Most non-meat and some dairy items I found much more reasonably priced and more comparable price wise with non-organic, which was encouraging. I was so pleased to find some organic wholemeal bread products, that I bought a couple of loaves and have put them in the freezer, just in case I don't get back there for a week or two.  Some items, i.e. own brand tomato ketchup and own brand baked beans I bought specifically to try and see if we like them rather than paying more for Heinz organic products.  There's no guarantee that they will be compatible with our taste buds. As I wrote this post, I was eating a salad, which I'd dressed with their own brand organic balsamic vinegar. It's not the nicest I've tasted and I will be looking around for an alternative when I finish this bottle.

All in all though, it was a good shop and I was very encouraged.  My favourite purchase was a jar of organic Tikka Masala sauce, so that I can still have a curry from time to time.  We tried it last night and it was very nice.  A bit more expensive, but definitely worth it.

Next food shop, I'm heading to the huge Tesco down the road from this Sainsbury's to see what they have in their range.  Anything I can't get there I can always go on to get from Sainsbury's.  I've also just received some money off vouchers from Tesco, which will come in useful.  The first is £3 of a £20 shop.

Last night, I spent some time checking out some of the organic food websites.  It was interesting. but I found them even more expensive than supermarkets and even more so when postage was factored in.  They can be handy for buying in bulk though. I also checked out Ocado and found them to have a great organic range too, where I can buy some staples I've not yet found anywhere else, such as wholewheat penne pasta and brown basmati rice. In addition, they have lots of toiletries at very good prices and some meat products seem very reasonable too.  It's quite exciting really.  I apologise now if readers aren't finding it so. Please humour me for a few weeks until I settle into it and shut up about it.

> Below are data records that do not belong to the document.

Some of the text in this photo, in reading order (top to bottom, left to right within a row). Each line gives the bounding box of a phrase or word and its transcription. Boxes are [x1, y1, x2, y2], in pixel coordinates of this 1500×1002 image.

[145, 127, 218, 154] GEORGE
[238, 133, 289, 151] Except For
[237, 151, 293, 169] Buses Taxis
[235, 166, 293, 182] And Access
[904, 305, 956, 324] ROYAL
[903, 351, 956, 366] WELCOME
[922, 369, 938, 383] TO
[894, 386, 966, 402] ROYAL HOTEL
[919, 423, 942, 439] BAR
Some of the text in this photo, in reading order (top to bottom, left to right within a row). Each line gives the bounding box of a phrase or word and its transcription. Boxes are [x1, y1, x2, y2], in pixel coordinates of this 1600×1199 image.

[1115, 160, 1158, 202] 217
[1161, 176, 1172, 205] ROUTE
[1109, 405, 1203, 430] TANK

  1. Maybe a local health food shop/co-op would be a good idea, if one did a veg box or even had a weigh house for dried food and things like that. I find that kind of shop better than supermarkets or chains for some things - especially toiletries and household goods. Sorry if that's a really obvious thing to say, it's just that with you being in London I'd expect there to be some decent choice.

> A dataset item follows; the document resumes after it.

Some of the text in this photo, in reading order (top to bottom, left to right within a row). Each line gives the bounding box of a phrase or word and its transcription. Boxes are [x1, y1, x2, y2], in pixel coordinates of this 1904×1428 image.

    1. You're right and there are quite a few health food or organic shops of various kinds, some quite expensive, some not so expensive. I haven't actually explored all of these options yet. I need to get on my bike to visit one particular shop that I used to go to, as parking restrictions make it difficult to just drop by when I'm passing in the car, but just haven't got around to it.

  2. I agree with you that it can take a while to get over the price increase of an indie shop or co-op compared to a supermarket, but there can be other benefits of shopping local rather than in the mega chains. I guess it comes down to the reason for making the shift.